■ WHAT TO WORK ON:
An exact reproduction of the listing, minus the pictures, is the required output.

########

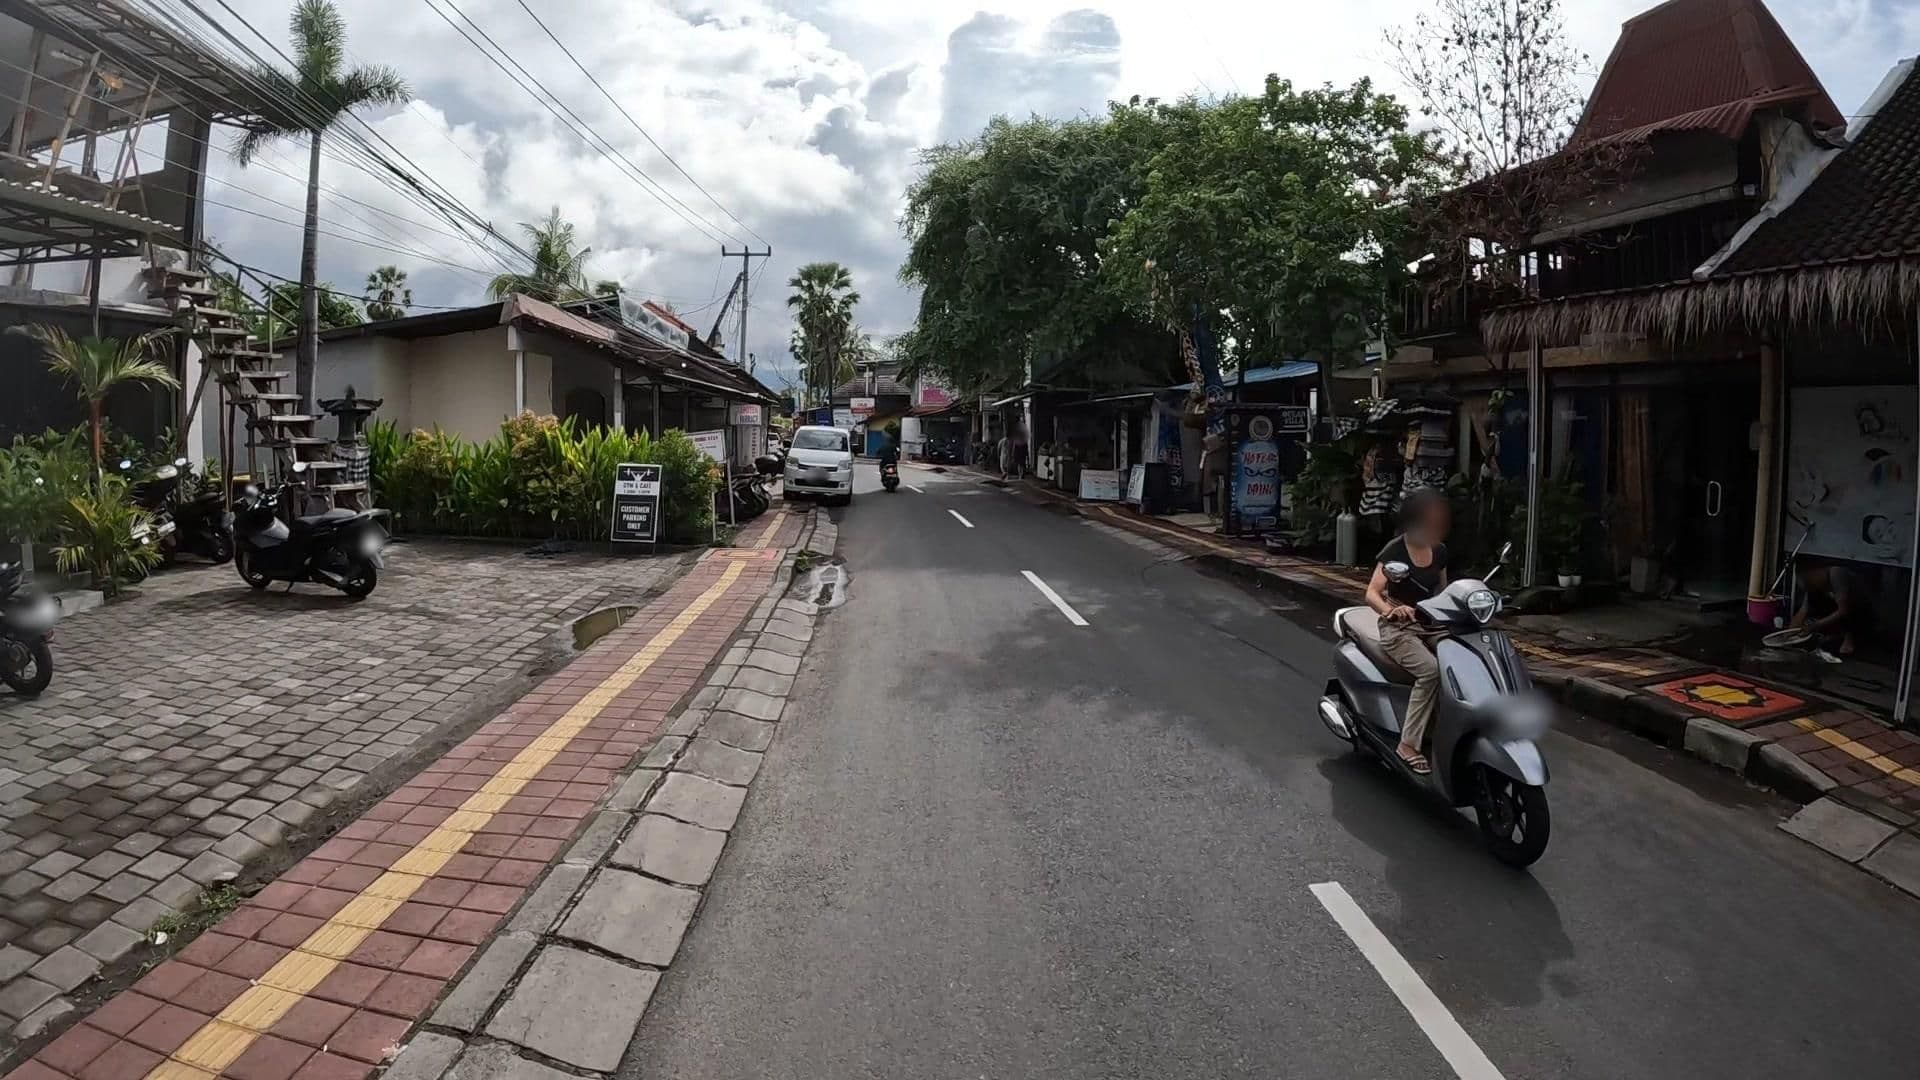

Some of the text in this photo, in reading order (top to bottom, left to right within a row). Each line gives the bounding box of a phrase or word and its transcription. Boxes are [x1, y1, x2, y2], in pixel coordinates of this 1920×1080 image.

[620, 505, 650, 513] CUSTOMER
[622, 513, 647, 521] PARKING
[627, 522, 641, 530] ONLY
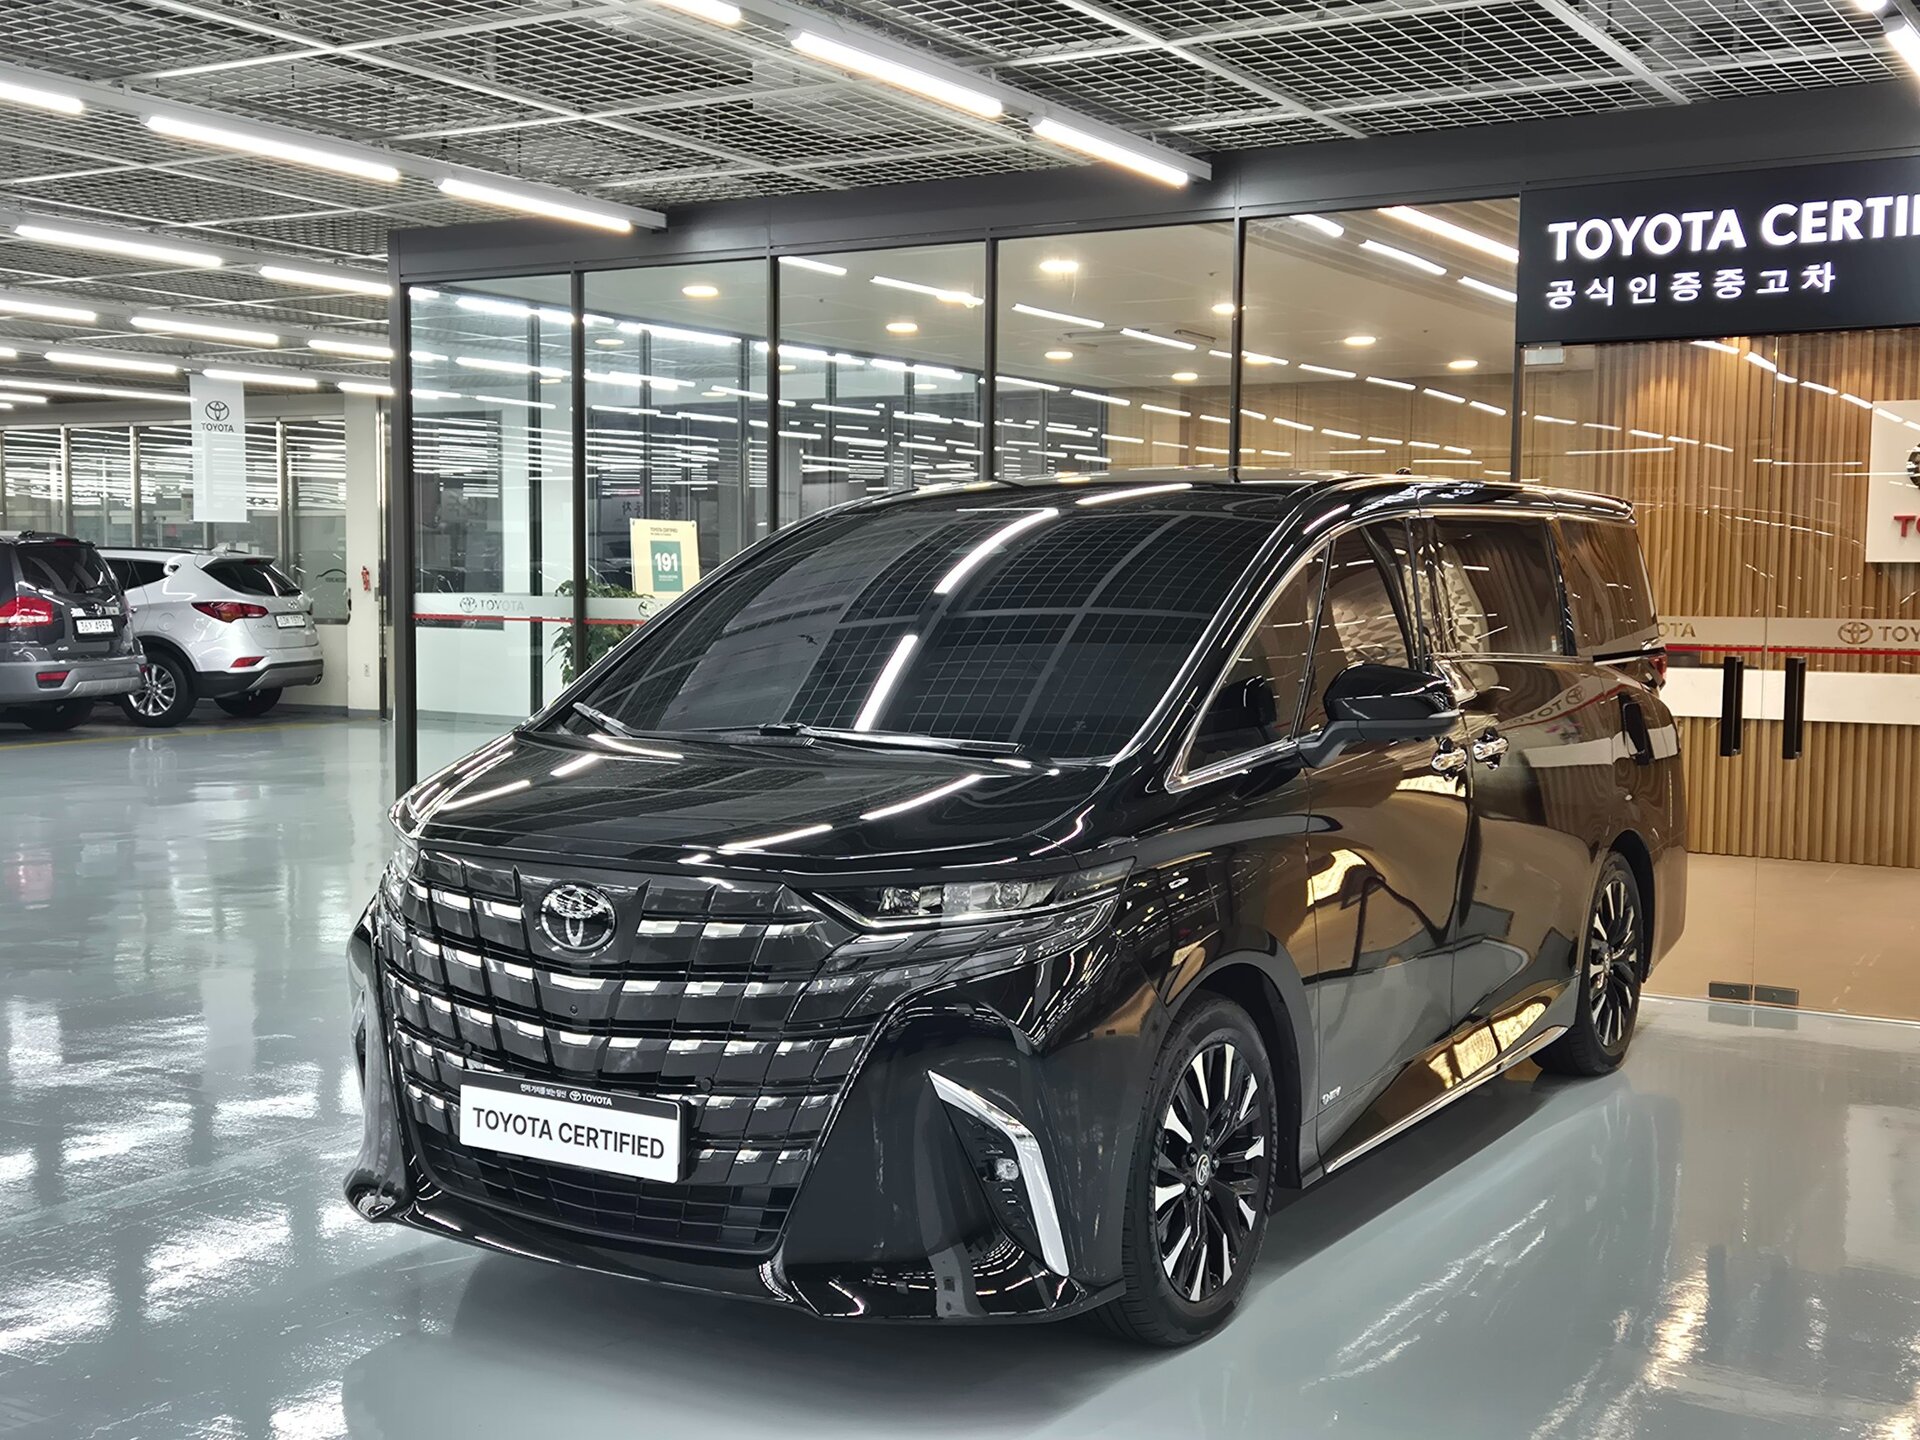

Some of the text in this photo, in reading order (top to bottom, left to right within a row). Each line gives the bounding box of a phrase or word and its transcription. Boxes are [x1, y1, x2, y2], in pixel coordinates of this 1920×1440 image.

[1547, 208, 1747, 262] TOYOTA
[201, 422, 235, 432] TOYOTA
[1893, 515, 1920, 537] T
[654, 552, 679, 572] 191
[480, 599, 525, 612] TOYOTA
[582, 1093, 613, 1106] TOYOTA
[472, 1107, 665, 1159] TOYOTA CERTIFIED
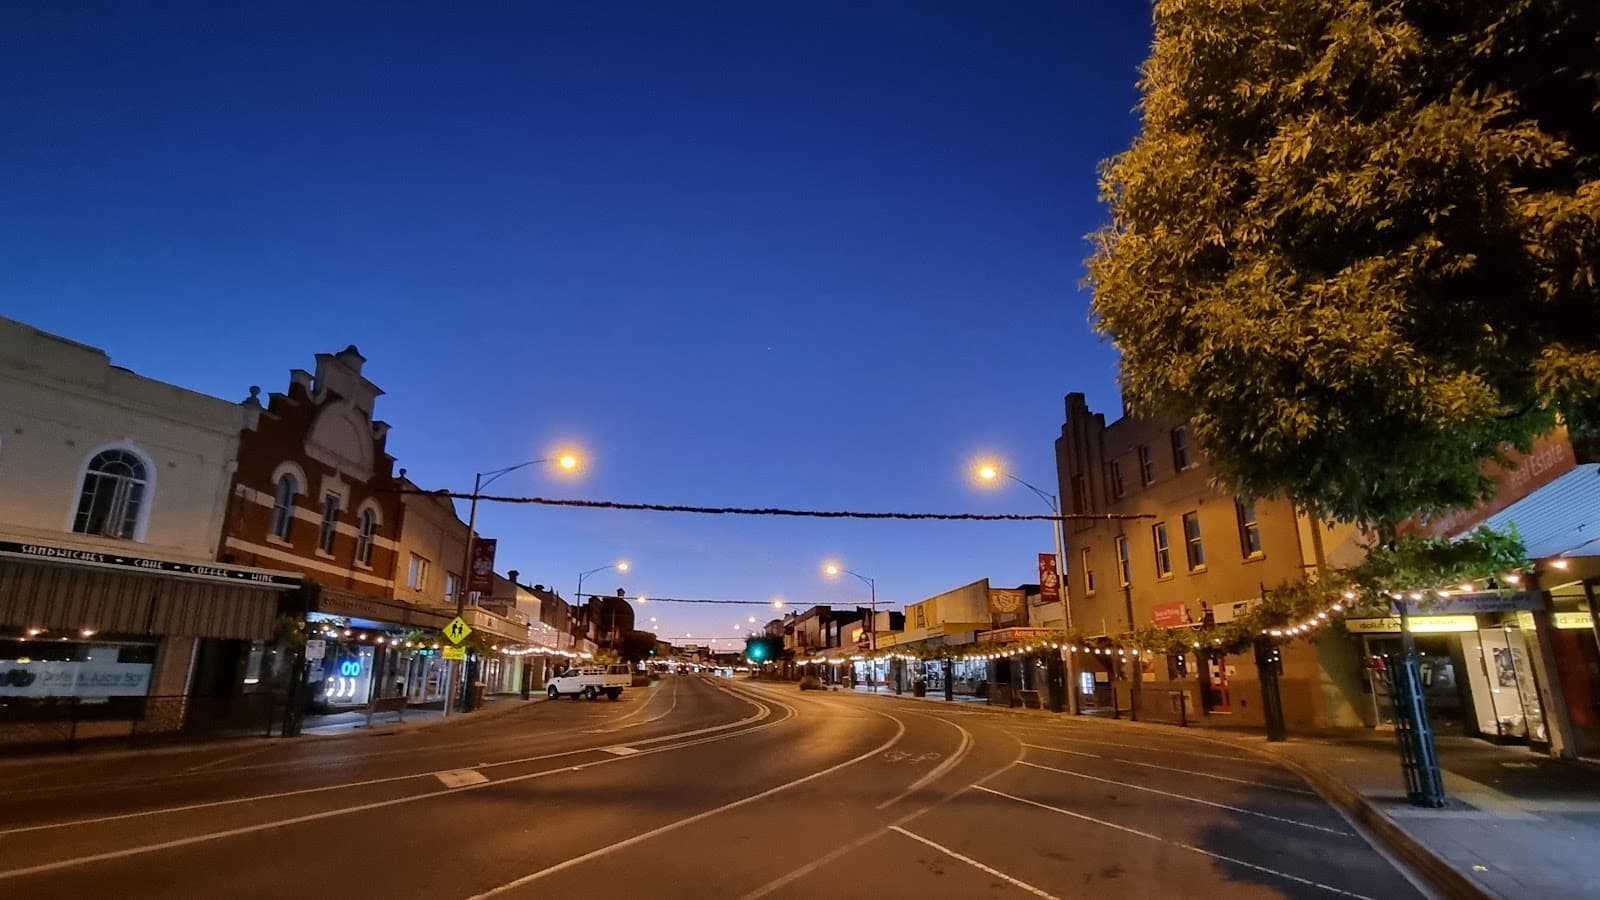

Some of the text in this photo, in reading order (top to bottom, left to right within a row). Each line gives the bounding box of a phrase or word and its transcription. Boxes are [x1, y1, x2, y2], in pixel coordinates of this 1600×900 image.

[1529, 444, 1564, 476] Estate
[21, 543, 105, 562] SANDWICHES
[190, 565, 229, 578] COFFEE
[251, 573, 274, 584] WINE

########

■ COMPLETED EXERCISE:
Some of the text in this photo, in reading order (top to bottom, left to right within a row). Each line gives the bounding box of a phrase or word and its transcription. Boxes are [x1, y1, x2, y2], in pixel coordinates of this 1920×1080 image.

[620, 505, 650, 513] CUSTOMER
[622, 513, 647, 521] PARKING
[627, 522, 641, 530] ONLY

Some of the text in this photo, in reading order (top to bottom, left to right within a row). Each line gives the bounding box of a phrase or word and its transcription. Boxes are [x1, y1, x2, y2], in pixel coordinates of this 1920×1440 image.

[1547, 208, 1747, 262] TOYOTA
[201, 422, 235, 432] TOYOTA
[1893, 515, 1920, 537] T
[654, 552, 679, 572] 191
[480, 599, 525, 612] TOYOTA
[582, 1093, 613, 1106] TOYOTA
[472, 1107, 665, 1159] TOYOTA CERTIFIED

Some of the text in this photo, in reading order (top to bottom, left to right within a row). Each line gives the bounding box of a phrase or word and its transcription. Boxes are [x1, y1, x2, y2], in pixel coordinates of this 1600×900 image.

[1529, 444, 1564, 476] Estate
[21, 543, 105, 562] SANDWICHES
[190, 565, 229, 578] COFFEE
[251, 573, 274, 584] WINE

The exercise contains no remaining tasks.